The essence of this blog post has been rattling around my head for a few months now. It’s not really substantive, but more like trying to describe an emotion or a feeling; a feeling maybe one shared collectively by others who have been reading, listening, or thinking about the topic of nearly every conversation in recent memory: AI.

There’s been a lot of keys typed about what’s happening now and what’s to come. My personal experience has been a pretty similar one to what I hear from friends, family, and the tech media in general, but it’s been such a powerfully transformative one that I still feel the need to write about it as best I can, even if the same thoughts have been described many times before by others. The change in thinking, the new perspective, trying to think about a world where this technology can continue to accelerate at breakneck speeds; it’s almost too big to really think through without trying to put thoughts to paper.

The most simplified version is: I have routinely been getting less sleep at night. Not because I have “The Fear” about an upcoming AI doomsday scenario (as referenced in The Thinking Machine), but because I’m just having too much fun at night playing around with the tools. I mean, it’s really incredible - every day, I have passing, transient thoughts about some cool project, or an interesting idea, or a question I haven’t pondered before. Most of the time, these are dead-on-arrival - maybe for the most engaging ones, I spend a weekend hacking at something and then I just realize it’s too much work for the payoff. I have gone through the end-to-end process before (check out some early blog posts of mine on things like varints in rust), but the ratio of ideas to tangible outputs has traditionally been rounding down to zero. Now, however, I can just fire off a couple of prompts and get something that works - which is just simply incredible.

I’m not talking about within the workplace - that’s a topic for a dedicated post - but personal projects. Some are fun, some are “art”, some are useful. Some get thrown away, but those have helped me actually understand why some software / tools I may not have appreciated fully before are actually the best form factor for a problem (I have tried four or five times to build a TODO app that’s catered to me, and it turns out a post-it note is amazing for 90% of the tasks I tackle in my life).

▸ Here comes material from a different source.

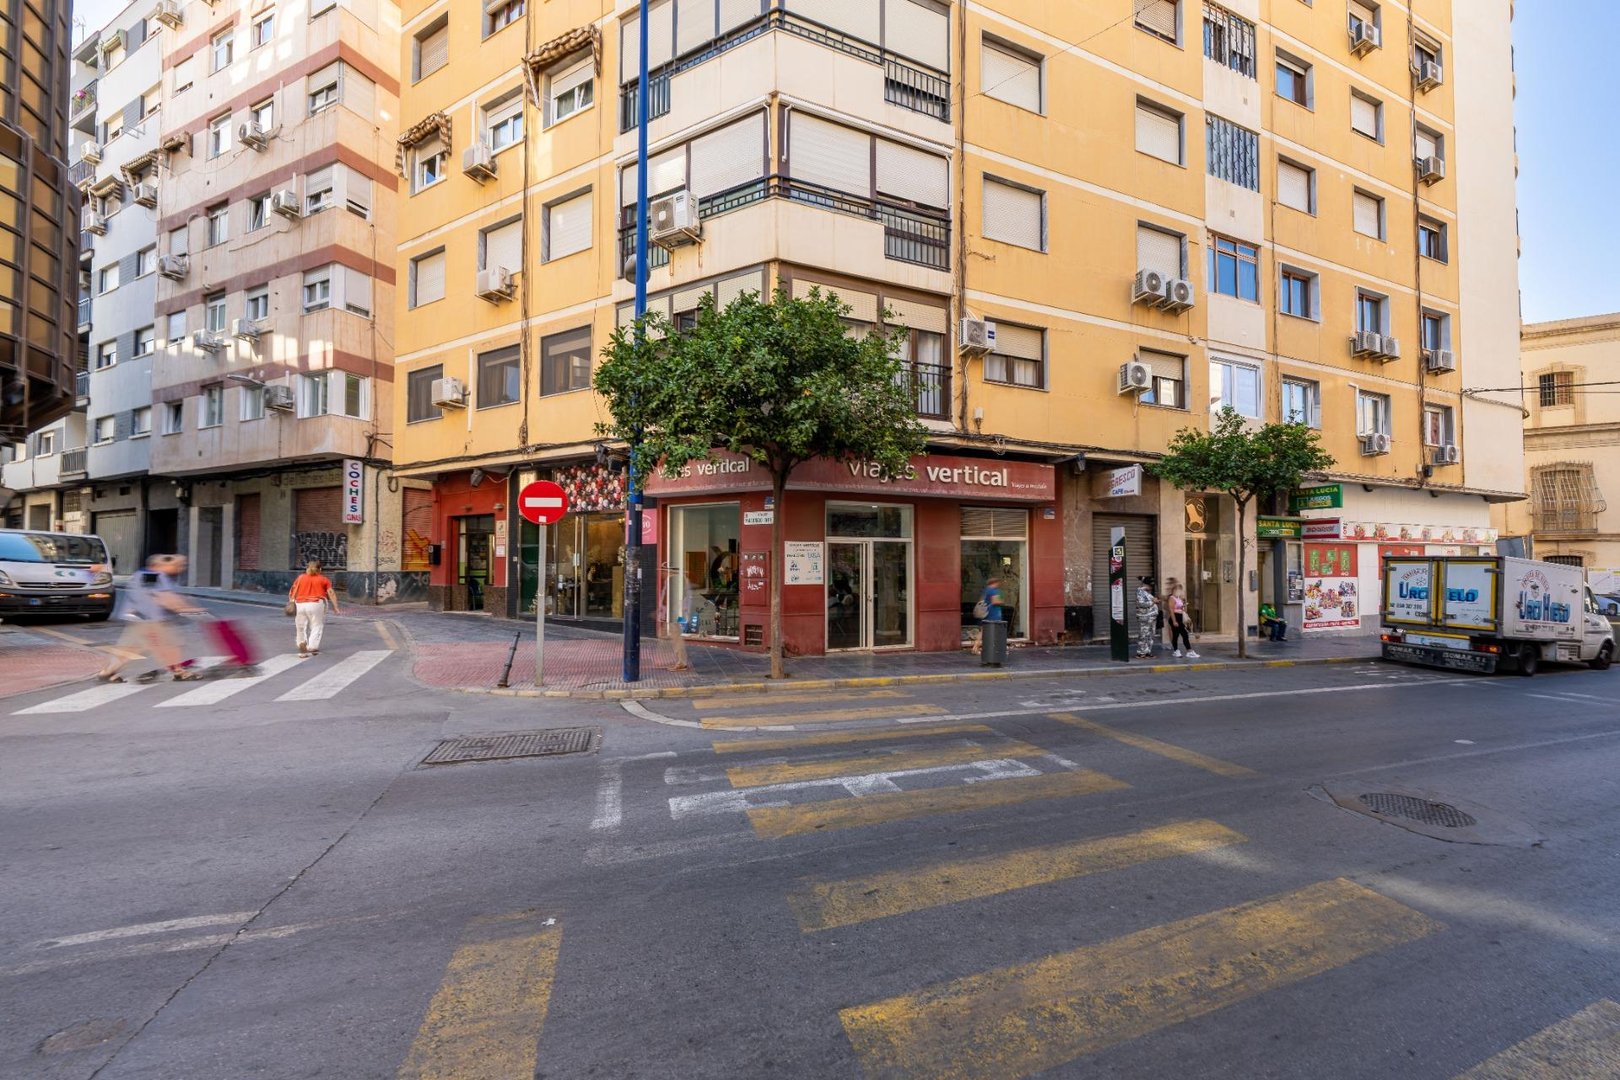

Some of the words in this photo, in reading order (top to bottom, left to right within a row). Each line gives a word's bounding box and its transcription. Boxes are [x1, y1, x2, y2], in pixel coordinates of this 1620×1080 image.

A lot of chatter has been about whatever world we’ll arrive at over the next few years has been around what humans will do with their time when we’re freed from all of our menial tasks and labor. I know with my extra time, at least for now, I’m trying to action on all of those previously bottled up idea fragments and start to see where they go. It’s a lot of fun! It’s freeing - and almost scary - in thinking about the possibilities when the cost of something goes to zero. Previously, those limits were good excuses as to why one couldn’t pursue this thing or why so-and-so was impossible. I’m finding that I’m increasingly running up against (and grappling with) the real reason why I may not have pursued a passion or evaluated an idea, which before was previously just shrouded in something taking too long to do.

My apologies if these thoughts aren’t coherent or insightful, and they’re certainly not mean to share a message or push a narrative other than a snapshot of what now feels like. I know June 2026 feels completely different from June 2025, and I’d wager a year from now will even more foreign. The ramifications are so big, the spectrum of outcomes so wide, and the writing helps as a thinking process. It feels like chopping at a tree of understanding, and each swing of the axe from a different angle cuts a little closer to been able to really grasp the collective change (and excitement or fear or whatever) we’re all feeling in some way.